I thanked him, argued a bit about the “famous” part, and was
on my way.  

We met up again while I was putting on my helmet.  I was trying to figure out my route.  I didn’t want to hold my map as I was
climbing, so I was studying the picture I had and what I could see in front of
me.  I didn’t want to take the gully
(blue line) because I’m not a fan of gullies.
I wanted to take the pink line, as that’s an easy class 3.  
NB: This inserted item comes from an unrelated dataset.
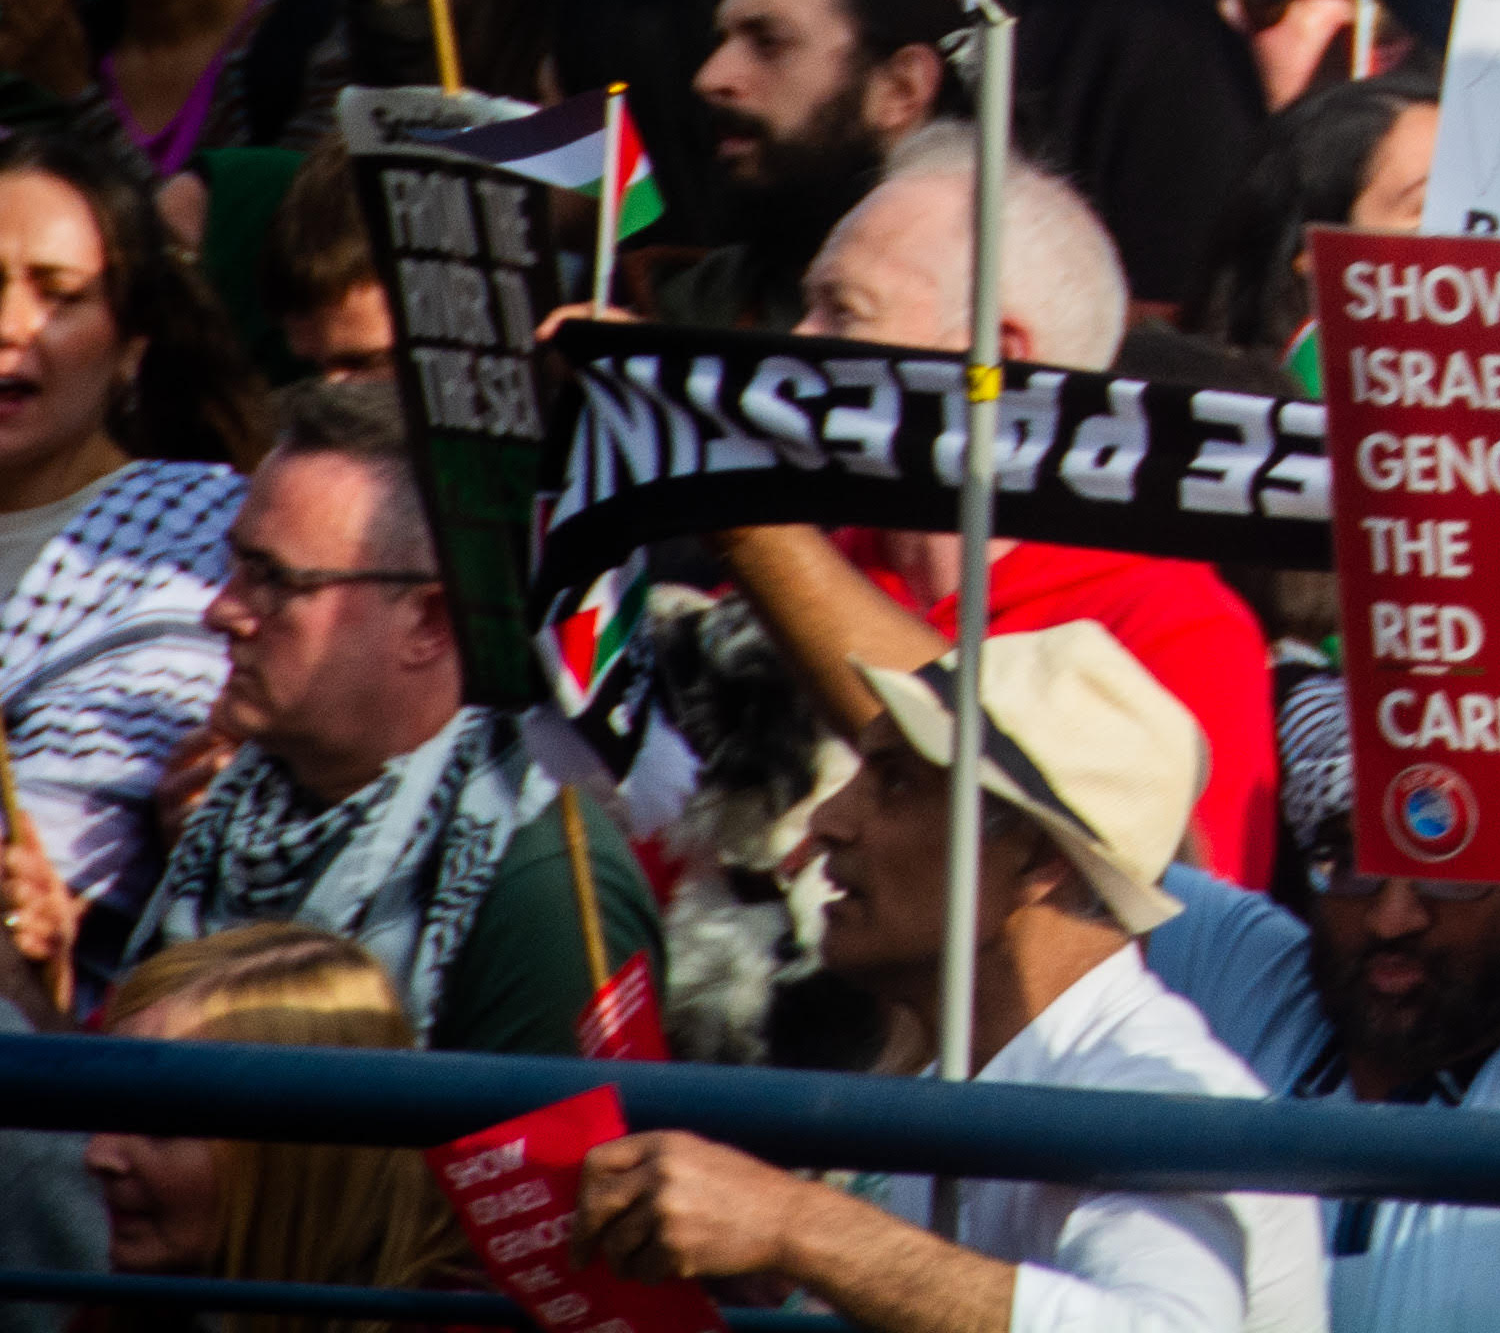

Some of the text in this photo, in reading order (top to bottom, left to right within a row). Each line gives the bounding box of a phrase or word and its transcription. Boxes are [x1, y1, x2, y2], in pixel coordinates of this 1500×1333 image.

I put on my helmet, put away my map, and started my way
up.  I’d told myself to just hug the left
side of the ridge and I’d be fine.  The
sunlight was blinding, shining directly in my eyes.  It was difficult to see any sort of
trail.  It took some maneuvering, but I felt
I was doing pretty well.  Until I came to
the crux.  That’s where the route
diverges into 3 different parts about halfway up the ridge.  However, I couldn’t tell that was where I was
at.  Looking at a picture/map is totally
different from when you’re actually climbing.
You can’t see much in front of you or behind you while climbing, so you
have to go by memory.  I knew I was good
as long as I stayed to the left of the ridge, so I looked up and started
climbing.  The easiest route looked to be
the pitch, so that’s where I went.  It
wasn’t too hard until I was almost all the way up.  This is what it looked like:

I kept thinking to myself as I was climbing: “This is MUCH
harder than Longs Peak.  Aren’t they both
supposed to be class 3’s?”  My research
had told me Longs was harder than Lindsey.
I felt what I was doing was within my abilities, but why was this so
difficult? And why did this feel so much more difficult than Longs?

By this time the man who’d talked with me before had caught
up with me again.  I was doing the route
finding and he was following me.  Since I
had an extra pair of eyes I called back to him “Hey, from where you’re standing
does it look like this line goes to the top?”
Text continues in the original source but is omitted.